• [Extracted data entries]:

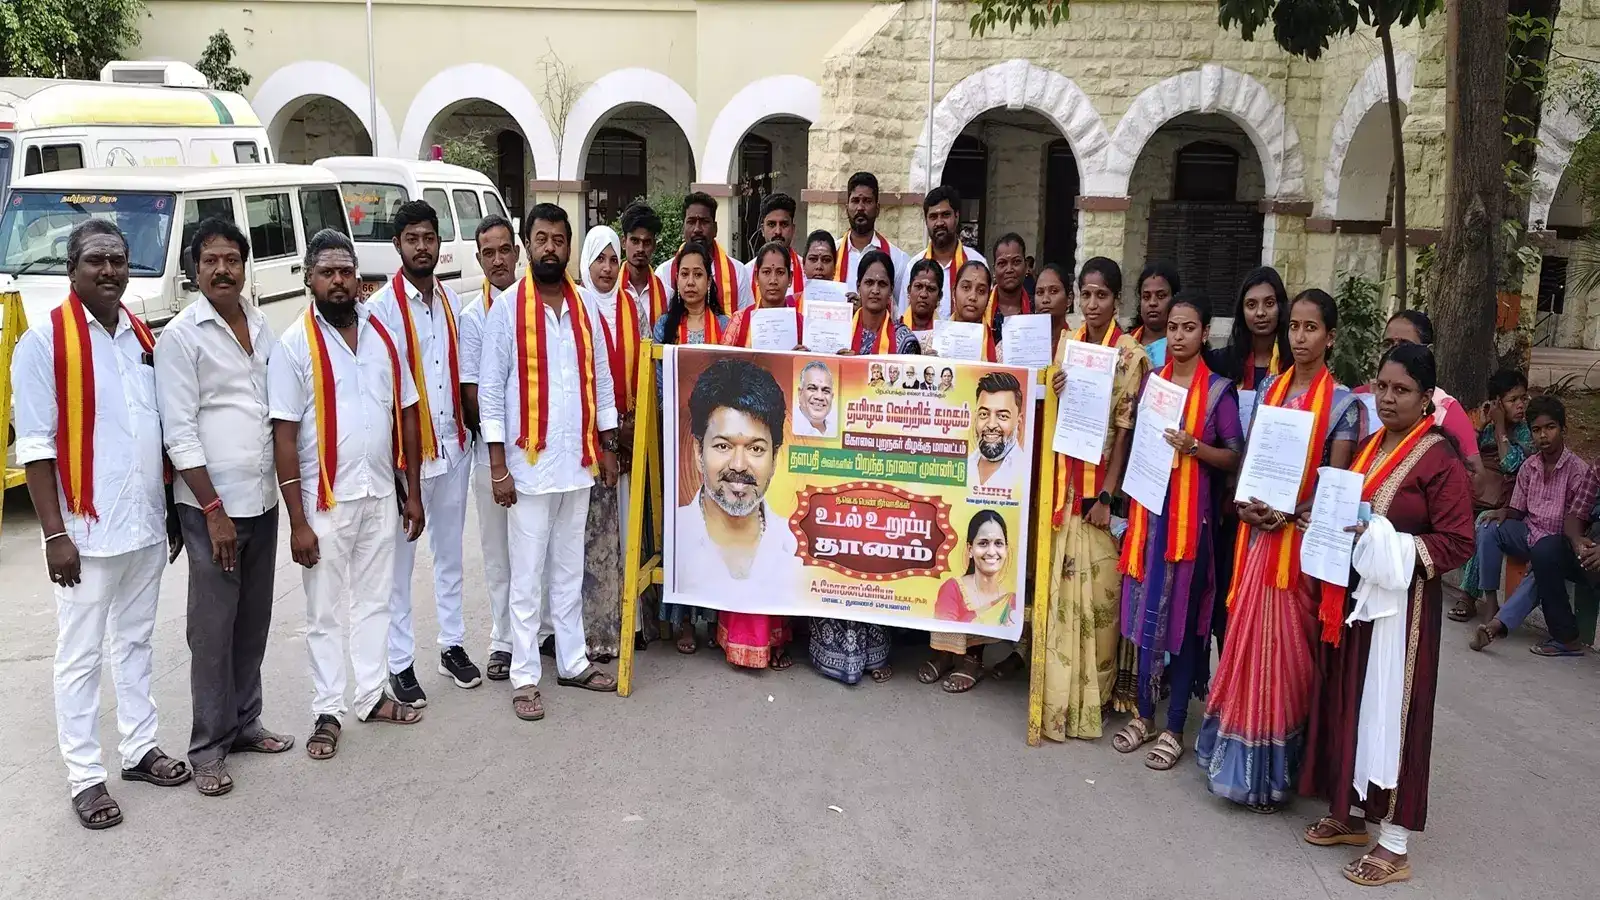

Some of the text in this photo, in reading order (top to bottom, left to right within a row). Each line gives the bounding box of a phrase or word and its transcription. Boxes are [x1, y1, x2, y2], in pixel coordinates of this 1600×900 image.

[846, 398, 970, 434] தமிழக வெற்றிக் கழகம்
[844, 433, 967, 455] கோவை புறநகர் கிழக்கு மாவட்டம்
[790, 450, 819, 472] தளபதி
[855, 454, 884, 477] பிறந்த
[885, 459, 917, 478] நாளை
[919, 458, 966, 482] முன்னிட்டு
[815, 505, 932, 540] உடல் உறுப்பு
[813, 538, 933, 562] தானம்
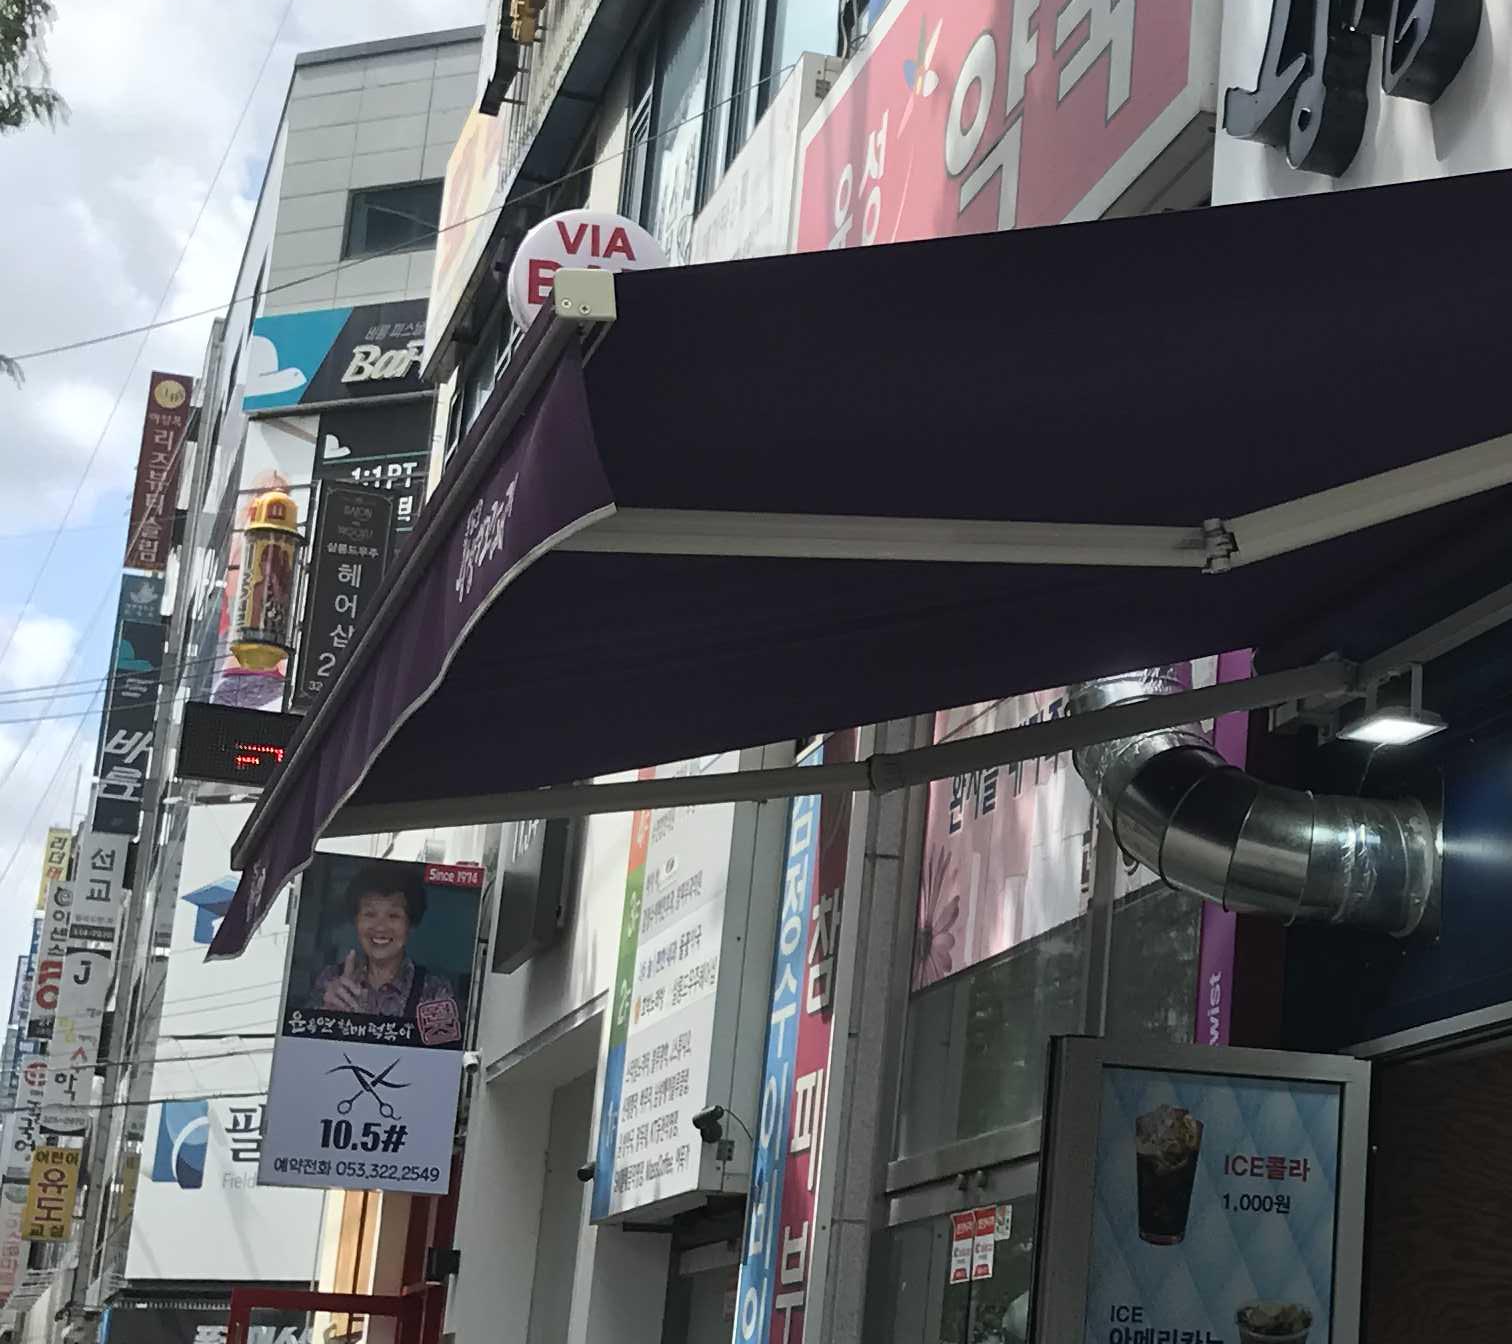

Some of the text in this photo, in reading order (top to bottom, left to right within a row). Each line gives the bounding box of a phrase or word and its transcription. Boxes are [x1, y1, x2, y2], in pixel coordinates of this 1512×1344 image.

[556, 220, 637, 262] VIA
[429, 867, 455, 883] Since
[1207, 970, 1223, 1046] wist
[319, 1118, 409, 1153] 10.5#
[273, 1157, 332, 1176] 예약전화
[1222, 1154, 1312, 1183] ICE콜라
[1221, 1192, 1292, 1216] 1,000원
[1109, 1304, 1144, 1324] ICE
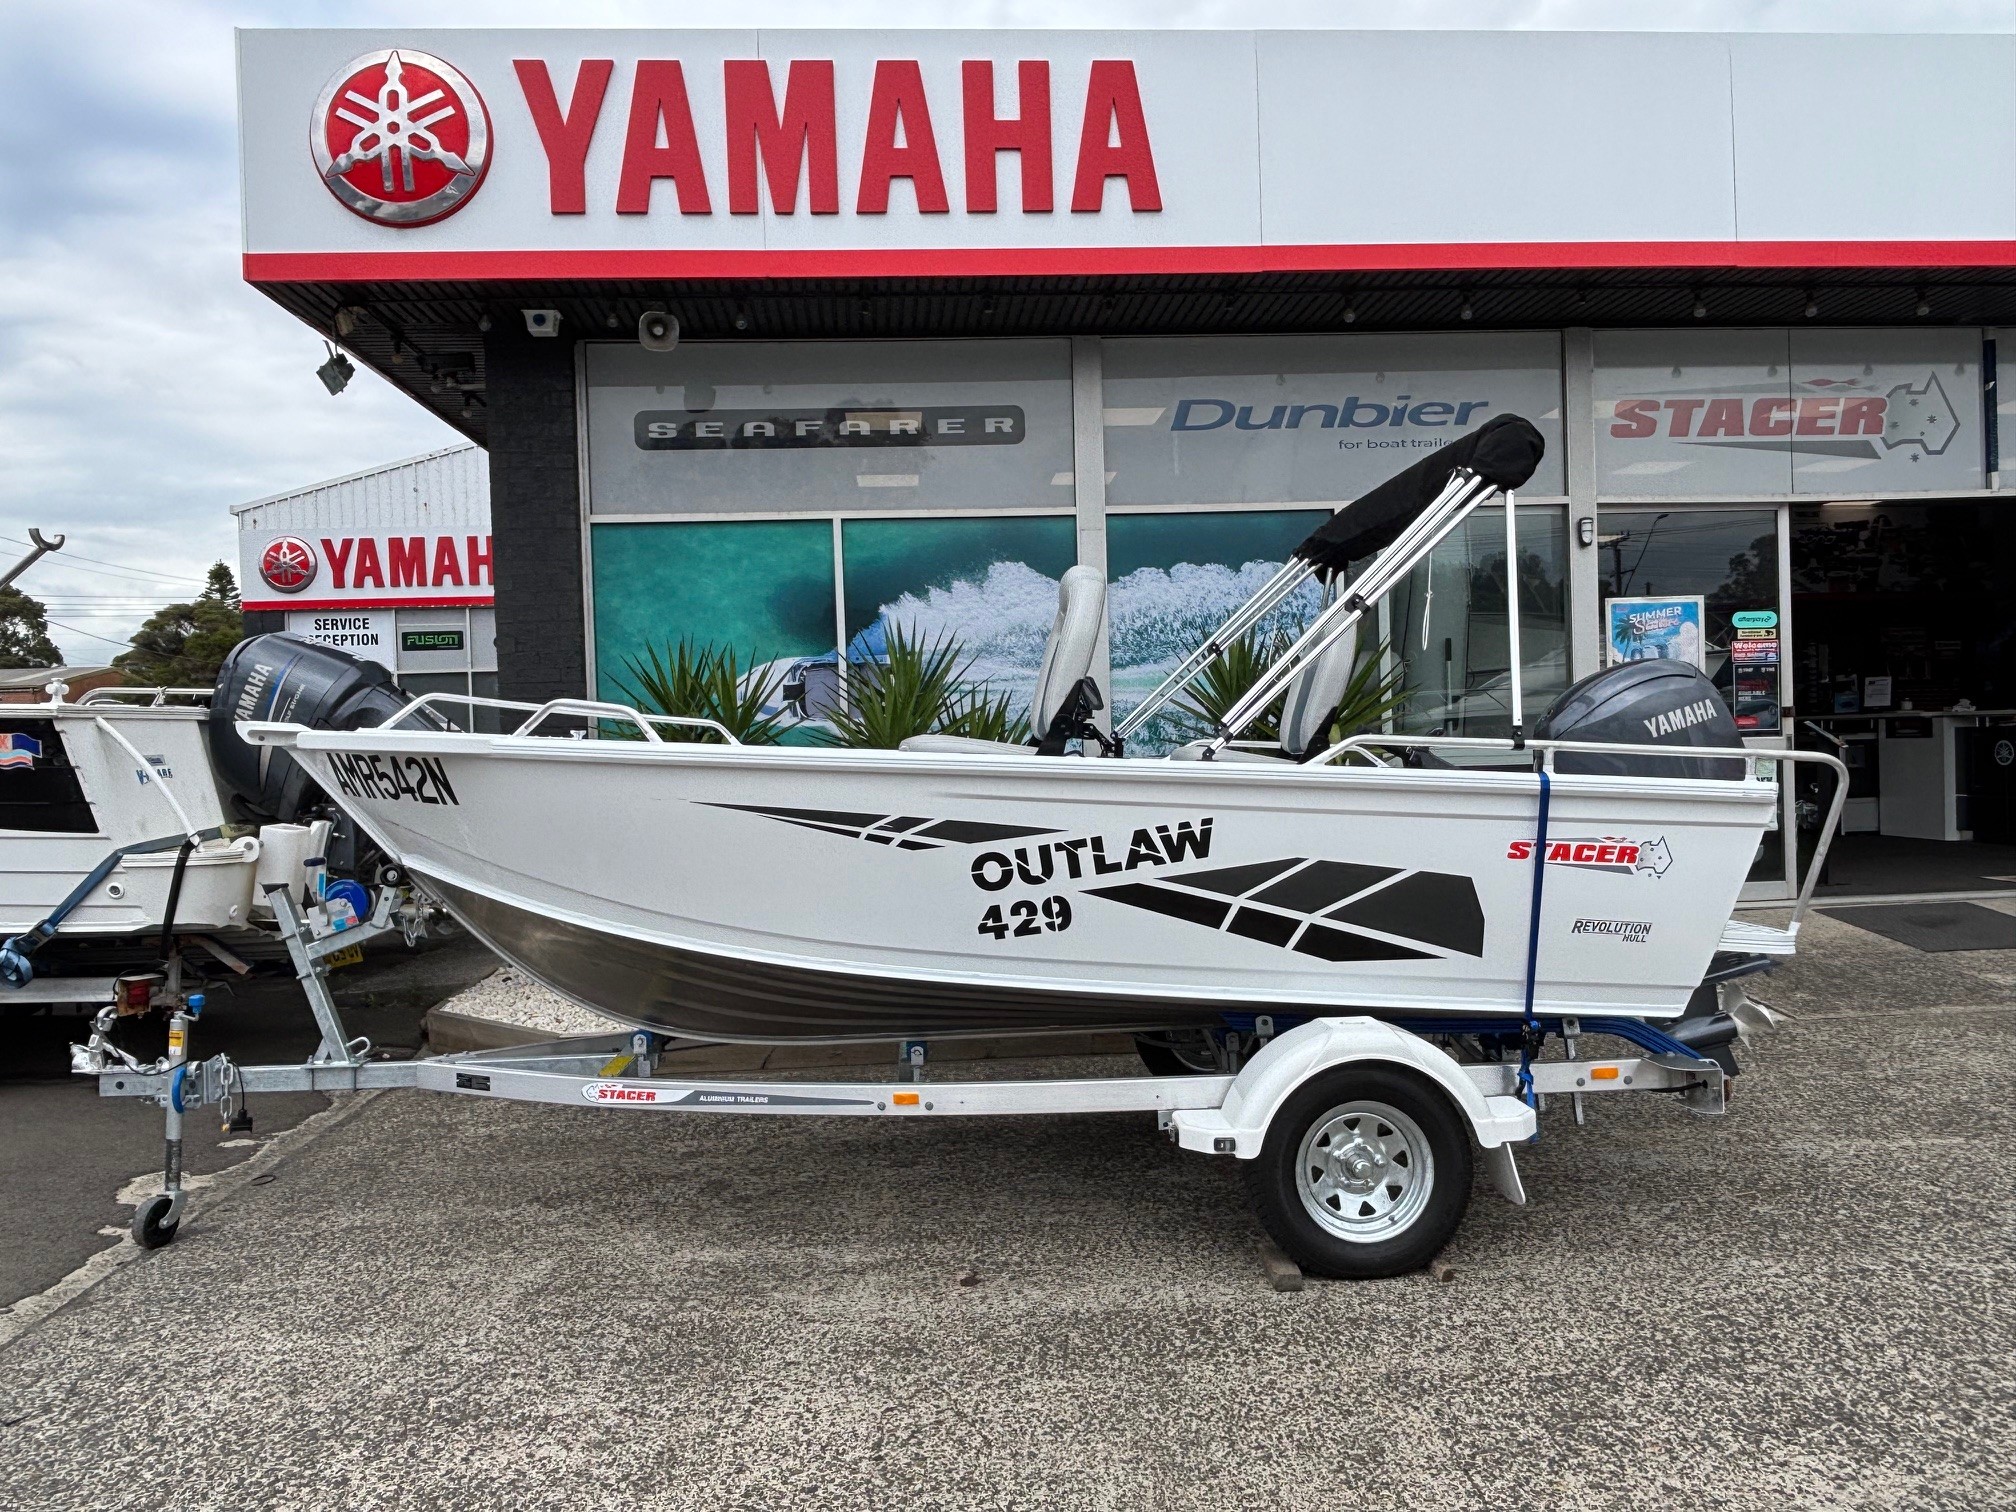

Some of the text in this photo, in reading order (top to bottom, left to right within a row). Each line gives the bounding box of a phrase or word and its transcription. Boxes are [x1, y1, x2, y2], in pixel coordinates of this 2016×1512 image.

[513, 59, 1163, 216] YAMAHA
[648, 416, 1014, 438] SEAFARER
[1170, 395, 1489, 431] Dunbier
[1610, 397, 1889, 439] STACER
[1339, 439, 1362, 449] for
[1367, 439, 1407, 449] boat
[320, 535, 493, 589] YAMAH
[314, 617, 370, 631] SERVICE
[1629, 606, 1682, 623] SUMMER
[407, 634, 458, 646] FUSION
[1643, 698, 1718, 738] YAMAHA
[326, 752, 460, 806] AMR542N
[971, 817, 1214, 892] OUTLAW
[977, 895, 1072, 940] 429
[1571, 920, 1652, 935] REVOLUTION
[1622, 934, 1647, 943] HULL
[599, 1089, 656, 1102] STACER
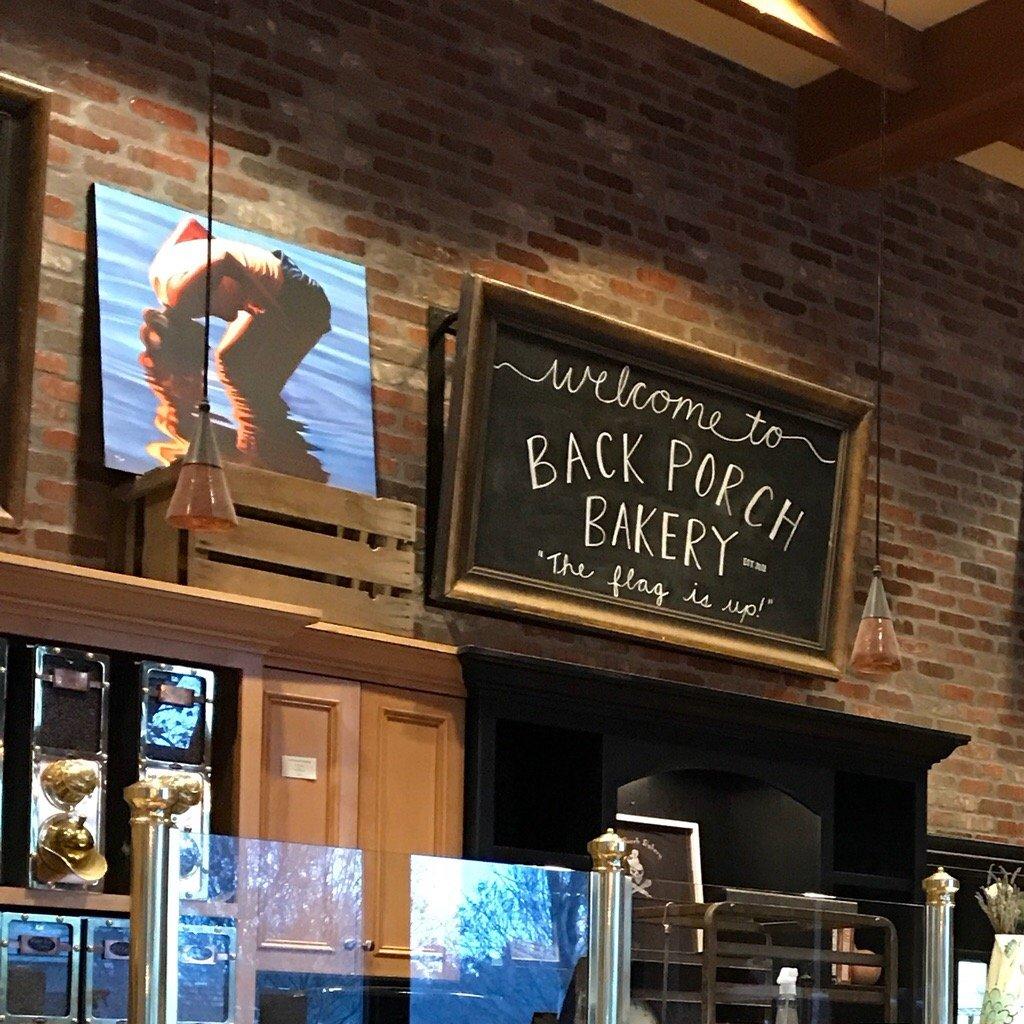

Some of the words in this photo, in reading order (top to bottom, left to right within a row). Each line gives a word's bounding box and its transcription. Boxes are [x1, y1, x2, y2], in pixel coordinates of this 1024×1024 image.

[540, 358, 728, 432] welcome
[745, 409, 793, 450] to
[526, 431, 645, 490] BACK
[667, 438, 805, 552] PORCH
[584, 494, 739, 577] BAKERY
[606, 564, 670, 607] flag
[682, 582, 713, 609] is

• [Instructions to follow]:
Would you please retype all the data exactly? Leave out whatever pictures it holds.

• [Problem solution]:
Some of the text in this photo, in reading order (top to bottom, left to right within a row). Each line gives the bounding box of a phrase or word and its transcription. Boxes are [x1, y1, x2, y2], in pixel coordinates of this 1600×900 image.

[846, 398, 970, 434] தமிழக வெற்றிக் கழகம்
[844, 433, 967, 455] கோவை புறநகர் கிழக்கு மாவட்டம்
[790, 450, 819, 472] தளபதி
[855, 454, 884, 477] பிறந்த
[885, 459, 917, 478] நாளை
[919, 458, 966, 482] முன்னிட்டு
[815, 505, 932, 540] உடல் உறுப்பு
[813, 538, 933, 562] தானம்

Some of the text in this photo, in reading order (top to bottom, left to right within a row). Each line gives the bounding box of a phrase or word and its transcription. Boxes are [x1, y1, x2, y2], in pixel coordinates of this 1512×1344 image.

[556, 220, 637, 262] VIA
[429, 867, 455, 883] Since
[1207, 970, 1223, 1046] wist
[319, 1118, 409, 1153] 10.5#
[273, 1157, 332, 1176] 예약전화
[1222, 1154, 1312, 1183] ICE콜라
[1221, 1192, 1292, 1216] 1,000원
[1109, 1304, 1144, 1324] ICE

Some of the text in this photo, in reading order (top to bottom, left to right within a row). Each line gives the bounding box of a phrase or word and its transcription. Boxes are [x1, y1, x2, y2], in pixel coordinates of this 2016×1512 image.

[513, 59, 1163, 216] YAMAHA
[648, 416, 1014, 438] SEAFARER
[1170, 395, 1489, 431] Dunbier
[1610, 397, 1889, 439] STACER
[1339, 439, 1362, 449] for
[1367, 439, 1407, 449] boat
[320, 535, 493, 589] YAMAH
[314, 617, 370, 631] SERVICE
[1629, 606, 1682, 623] SUMMER
[407, 634, 458, 646] FUSION
[1643, 698, 1718, 738] YAMAHA
[326, 752, 460, 806] AMR542N
[971, 817, 1214, 892] OUTLAW
[977, 895, 1072, 940] 429
[1571, 920, 1652, 935] REVOLUTION
[1622, 934, 1647, 943] HULL
[599, 1089, 656, 1102] STACER

Some of the words in this photo, in reading order (top to bottom, left to right within a row). Each line gives a word's bounding box and its transcription. Boxes are [x1, y1, x2, y2], in pixel coordinates of this 1024×1024 image.

[540, 358, 728, 432] welcome
[745, 409, 793, 450] to
[526, 431, 645, 490] BACK
[667, 438, 805, 552] PORCH
[584, 494, 739, 577] BAKERY
[606, 564, 670, 607] flag
[682, 582, 713, 609] is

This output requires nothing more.